Consider the preceding Avro schema with a record that contains a field with the value HEARTS. In this case, the key value pair copied into the __raw__ column has suit as the key and HEARTS as the value.

Arrays

Arrays use the type name array and support one attribute:

Attribute Description
items The schema of the array's items

For example, declare an array of strings:

{"type": "array", "items": "string"}

You can treat arrays of scalar types like other Avro complex types, loading them into flex tables or columns, or you can use strong typing. This section describes the flex approach; the next section describes strongly-typed arrays.

Similar to the capabilities for Records, you can nest and flatten Arrays using flatten_arrays=true :

{
	"__name__" : "Order",                        <-- artificial __name__ key for record
	"customer_id" : "111222",
	"order_details" : {                                <-- array of records
	"0" : {                                               <-- array index 0
		"__name__" : "OrderDetail",
		"product_detail" : {
			"__name__" : "Product",
			 "price" : "46.21",
			 "product_category" : {           <- array of strings
				"0" : "electronics",
				"1" : "printers",
				"2" : "computers"
				},
		"product_name" : "mycompany printer 123abc",
		"product_status" : "ONLY_FEW_LEFT"
		}
	},
	"order_id" : "2389646",
	"total" : "132.43"
}		

Here is the result of flattening the array:

{
	"order_details.0.__name__" : "OrderDetail",
	"order_details.0.product_detail.0.product_category" : "electronics",
	"order_details.0.product_detail.1.product_category" : "prnters",
	"order_details.0.product_detail.2.product_category" : "computers",
	"order_details.0.product_detail.__name__" : "Product",
	"order_details.0.product_detail.price" : "46.21",
	"order_details.0.product_detail.product_name" : "mycompany printer 123abc",
	"order_details.0.product_detail.product_status" : "ONLY_FEW_LEFT",
	"__name__" : "Order",
	"customer_id" : "111222",
	"order_id" : "2389646",
	"total" : "132.43"
}

Arrays with Strong Typing

Instead of using flex tables or flexible columns, you can load Avro arrays into array columns in columnar tables. The parser ignores the flatten_arrays parameter in this case.

A table column's type can be an array of any scalar type. You cannot declare arrays of arrays (multi-dimensional arrays) or have arrays of other complex types. For these uses of arrays, see the previous section.
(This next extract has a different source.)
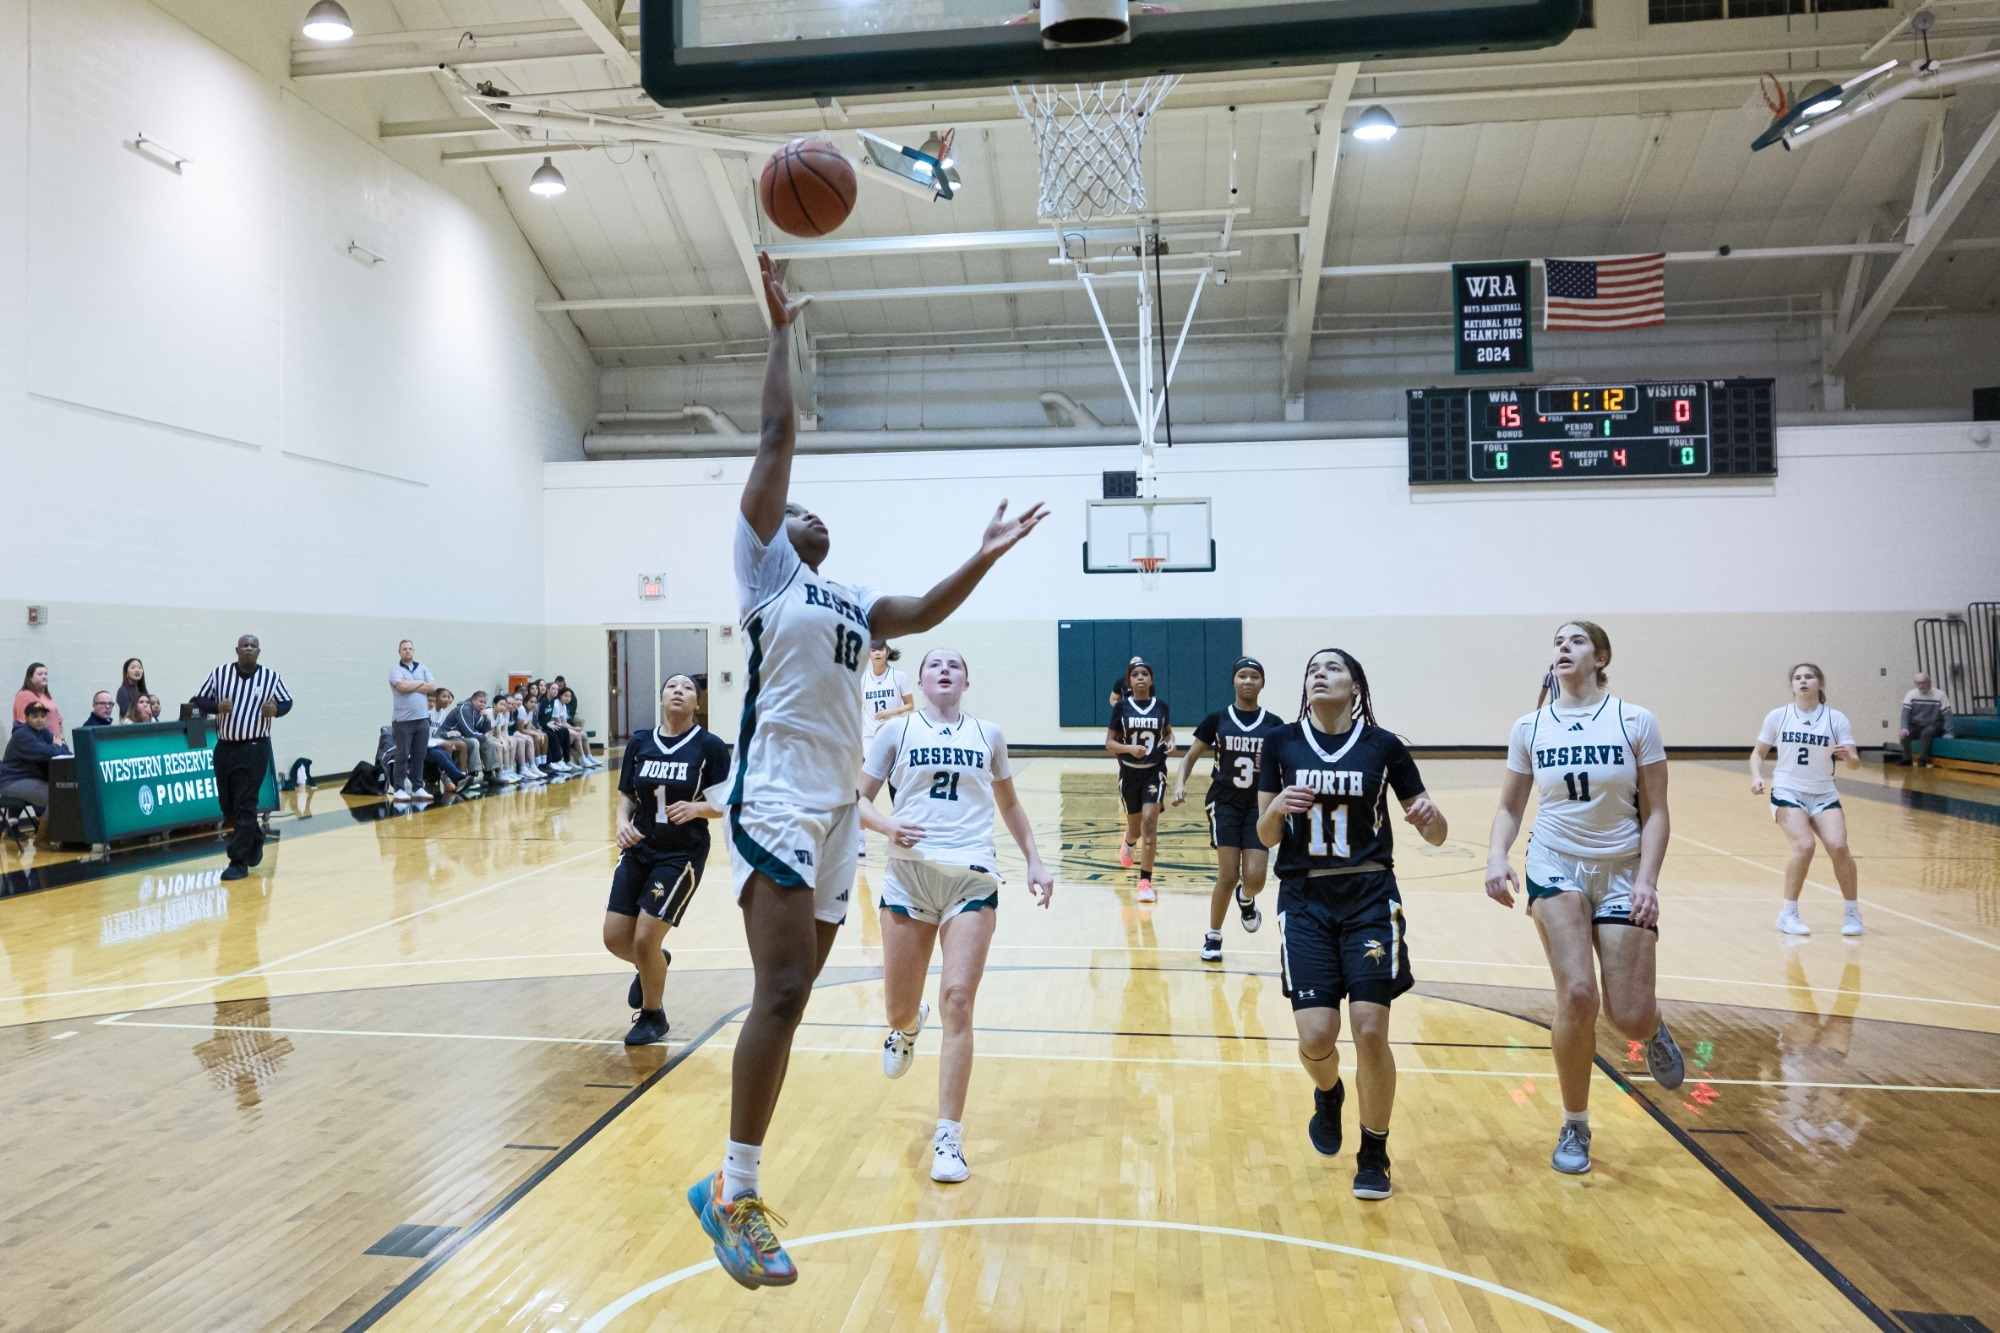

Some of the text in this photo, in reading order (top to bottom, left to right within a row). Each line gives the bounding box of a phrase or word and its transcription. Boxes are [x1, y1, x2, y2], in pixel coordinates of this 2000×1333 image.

For information on how to declare array columns, see Arrays and Sets (Collections).

Maps

Maps use the type name map and support one attribute:

Attribute Description
values The schema of the map's items

The favroparser treats map keys as strings. For example, you can declare the map type as a long as follows: 

{"type": "map", "values": "long"}

Similar to Records types, Maps can also be nested and flattened using flatten_maps=true.
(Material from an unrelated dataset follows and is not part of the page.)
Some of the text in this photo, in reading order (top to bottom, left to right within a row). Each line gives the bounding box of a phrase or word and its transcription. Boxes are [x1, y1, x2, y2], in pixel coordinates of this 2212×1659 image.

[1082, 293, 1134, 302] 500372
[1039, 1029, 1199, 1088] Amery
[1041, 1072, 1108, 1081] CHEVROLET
The favroparser inserts key-value pairs from the Avro map as key-value pairs in the __raw__ column. For an Avro record that has KeyX with value 10, and KeyY with value 20, favroparser loads the key-value pairs as virtual columns KeyX and KeyY, with values 10 and 20, respectively.

Unions

Vertica uses JSON arrays to represent Avro Unions. Consider this example:

{"name":"TransactionID","type":["string","null"]}

The field TransactionID can be a string or null.

Fixed

Fixed (fixed) Avro types support two attributes:

Attribute Description
name A string for the name of this data type
size An integer, specifying the number of bytes per value

For example, you can declare a 16-byte quantity:

{"type": "fixed", "size": 16, "name": "md5"}

With the preceding declaration is the Avro file schema, consider a record that contains a field with the following byte values for the key md5:

[0, 1, 2, 3, 4, 5, 6, 7, 8, 9, 0, 1, 2, 3, 4, 5]

The favroparser loads the key value pair as an md5 key with the preceding byte values.